Orexins Mediate Sex Differences in the Stress Response and in Cognitive Flexibility.

BACKGROUND

Women are twice as likely as men to experience stress-related psychiatric disorders. The biological basis of these sex differences is poorly understood. Orexins are altered in anxious and depressed patients. Using a rat model of repeated stress, we examined whether orexins contribute to sex differences in outcomes relevant to stress-related psychiatric diseases.

METHODS

Behavioral, neural, and endocrine habituation to repeated restraint stress and subsequent cognitive flexibility was examined in adult male and female rats. In parallel, orexin expression and activation were determined in both sexes, and chromatin immunoprecipitation was used to determine transcription factors acting at the orexin promoter. Designer receptors exclusively activated by designer drugs were used to inhibit orexin activation throughout repeated restraint to determine if the stress-related impairments in female rats could be reduced.

RESULTS

Female rats exhibited impaired habituation to repeated restraint with subsequent deficits in cognitive flexibility compared with male rats. Increased orexin expression and activation were observed in female rats compared with male rats.

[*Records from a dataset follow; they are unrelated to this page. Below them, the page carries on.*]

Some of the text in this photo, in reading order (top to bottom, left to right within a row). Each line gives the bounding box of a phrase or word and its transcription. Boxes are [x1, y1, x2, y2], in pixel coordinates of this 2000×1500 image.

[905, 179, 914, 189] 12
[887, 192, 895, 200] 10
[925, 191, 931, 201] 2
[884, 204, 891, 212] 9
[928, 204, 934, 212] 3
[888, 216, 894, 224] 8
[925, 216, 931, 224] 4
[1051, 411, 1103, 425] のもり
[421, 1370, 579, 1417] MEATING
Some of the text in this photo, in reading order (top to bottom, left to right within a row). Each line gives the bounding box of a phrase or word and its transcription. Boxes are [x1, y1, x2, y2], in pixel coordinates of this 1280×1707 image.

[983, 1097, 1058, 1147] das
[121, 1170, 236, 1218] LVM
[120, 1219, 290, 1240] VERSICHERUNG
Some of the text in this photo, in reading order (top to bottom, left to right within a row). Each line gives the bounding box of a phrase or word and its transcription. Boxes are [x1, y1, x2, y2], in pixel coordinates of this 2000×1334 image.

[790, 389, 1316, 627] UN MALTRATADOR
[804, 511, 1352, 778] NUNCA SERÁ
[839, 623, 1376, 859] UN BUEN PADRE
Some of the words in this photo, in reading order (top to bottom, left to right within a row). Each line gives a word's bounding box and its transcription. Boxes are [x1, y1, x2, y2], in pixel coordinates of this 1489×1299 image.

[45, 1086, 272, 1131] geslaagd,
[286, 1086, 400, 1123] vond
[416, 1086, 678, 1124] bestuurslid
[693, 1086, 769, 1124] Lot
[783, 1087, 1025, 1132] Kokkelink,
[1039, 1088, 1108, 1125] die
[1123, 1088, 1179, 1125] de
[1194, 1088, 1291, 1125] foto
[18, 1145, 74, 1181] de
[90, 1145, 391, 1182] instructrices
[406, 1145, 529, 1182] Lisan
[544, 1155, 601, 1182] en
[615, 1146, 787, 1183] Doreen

The higher expression of orexin messenger RNA in female rats was due to actions of glucocorticoid receptors on the orexin promoter, as determined by chromatin immunoprecipitation. Inhibition of orexins using designer receptors exclusively activated by designer drugs in female rats throughout repeated restraint abolished their heightened hypothalamic-pituitary-adrenal responsivity and reduced stress-induced cognitive impairments.

CONCLUSIONS

Orexins mediate the impairments in adaptations to repeated stress and in subsequent cognitive flexibility exhibited by female rats and provide evidence for a broader role for orexins in mediating functions relevant to stress-related psychiatric diseases.